◆ What you should do ◆
Would you copy each line of the records that includes the word "Khối"?

Saved entries
—————
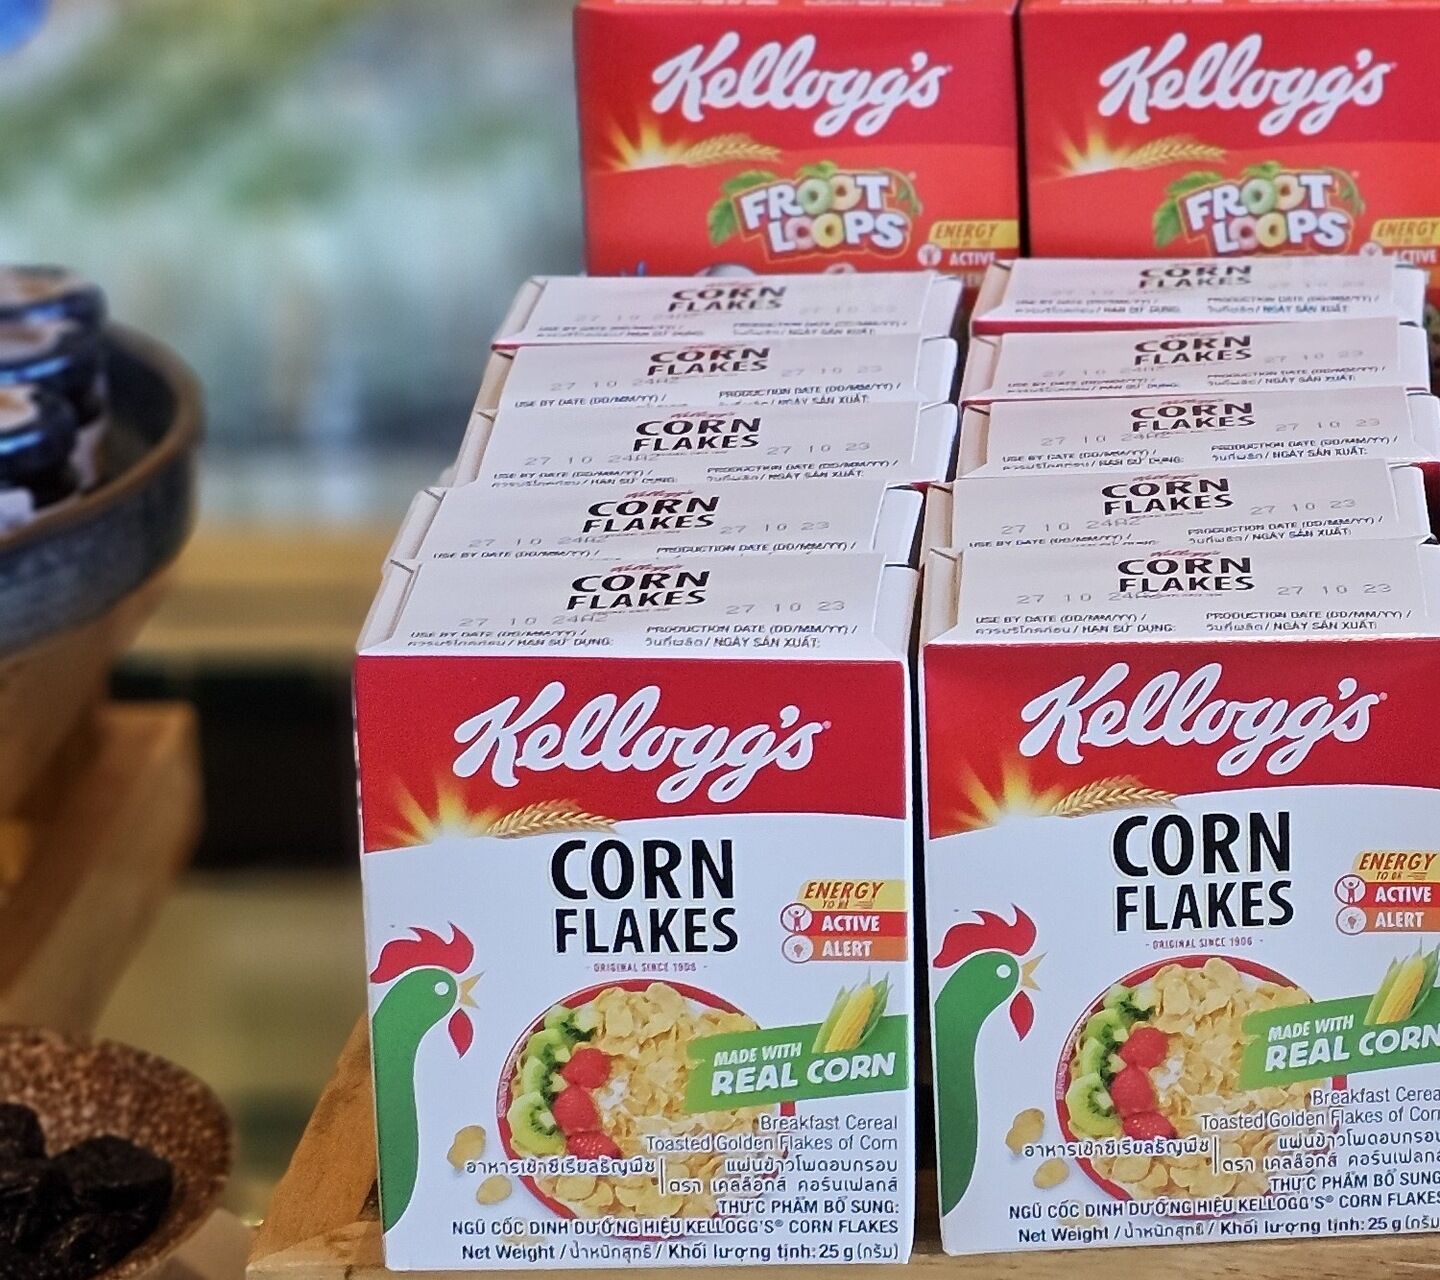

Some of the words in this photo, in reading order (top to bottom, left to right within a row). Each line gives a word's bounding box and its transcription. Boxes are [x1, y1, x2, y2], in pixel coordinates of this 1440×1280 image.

[652, 32, 943, 136] Kellogg's
[1099, 32, 1387, 135] Kellogg's
[741, 175, 889, 229] FROOT
[1186, 175, 1332, 230] FROOT
[768, 211, 905, 253] LOOPS
[935, 223, 998, 239] ENERGY
[1212, 210, 1348, 253] LOOPS
[1377, 221, 1439, 238] ENERGY
[1139, 265, 1251, 277] CORN
[1139, 276, 1252, 289] FLAKES
[672, 286, 786, 301] CORN
[668, 299, 782, 312] FLAKES
[1134, 336, 1251, 353] CORN
[650, 348, 770, 364] CORN
[1134, 349, 1253, 365] FLAKES
[647, 360, 769, 376] FLAKES
[1130, 402, 1253, 419] CORN
[636, 418, 761, 436] CORN
[1132, 416, 1256, 432] FLAKES
[633, 434, 760, 452] FLAKES
[1101, 478, 1229, 499] CORN
[587, 496, 720, 517] CORN
[1104, 494, 1234, 515] FLAKES
[581, 514, 715, 534] FLAKES
[1118, 558, 1251, 575] CORN
[572, 571, 710, 592] CORN
[1119, 576, 1255, 593] FLAKES
[1277, 586, 1304, 596] 27
[1322, 585, 1348, 595] 10
[1364, 584, 1392, 593] 23
[567, 590, 706, 610] FLAKES
[726, 604, 755, 614] 27
[775, 603, 801, 612] 10
[818, 601, 845, 611] 23
[1017, 594, 1044, 604] 27
[1064, 593, 1091, 602] 10
[1206, 611, 1287, 619] PRODUCTION
[647, 625, 730, 633] PRODUCTION
[1019, 662, 1380, 777] Kellogg's
[451, 680, 816, 804] Kellogg's
[1112, 811, 1291, 877] CORN
[550, 839, 734, 900] CORN
[1358, 853, 1438, 871] ENERGY
[804, 881, 885, 900] ENERGY
[1374, 886, 1432, 903] ACTIVE
[1116, 880, 1294, 932] FLAKES
[821, 914, 880, 932] ACTIVE
[1374, 911, 1424, 928] ALERT
[554, 907, 739, 953] FLAKES
[821, 940, 873, 957] ALERT
[1268, 1020, 1310, 1042] MADE
[1315, 1014, 1354, 1033] WITH
[714, 1047, 756, 1066] MADE
[761, 1042, 802, 1061] WITH
[1265, 1035, 1350, 1072] REAL
[711, 1062, 798, 1096] REAL
[807, 1052, 896, 1084] CORN
[1312, 1088, 1390, 1106] Breakfast
[760, 1115, 839, 1131] Breakfast
[846, 1114, 898, 1131] Cereal
[1201, 1113, 1264, 1130] Toasted
[1269, 1111, 1324, 1127] Golden
[1331, 1108, 1383, 1124] Flakes
[1388, 1107, 1404, 1121] of
[647, 1136, 712, 1151] Toasted
[716, 1135, 773, 1151] Golden
[780, 1135, 833, 1151] Flakes
[838, 1135, 854, 1150] of
[860, 1135, 898, 1150] Corn
[1085, 1202, 1124, 1217] DINH
[1339, 1193, 1383, 1208] CORN
[530, 1222, 569, 1235] DINH
[789, 1220, 833, 1233] CORN
[839, 1220, 899, 1233] FLAKES
[1018, 1228, 1046, 1243] Net
[1051, 1226, 1109, 1243] Weight
[1220, 1219, 1258, 1235] Khối
[1368, 1217, 1387, 1230] 25
[1391, 1219, 1400, 1231] g
[462, 1245, 491, 1260] Net
[495, 1245, 555, 1262] Weight
[668, 1242, 707, 1259] Khối
[819, 1244, 839, 1259] 25
[844, 1248, 853, 1261] g
—————
◆ Written response ◆
[1220, 1219, 1258, 1235] Khối
[668, 1242, 707, 1259] Khối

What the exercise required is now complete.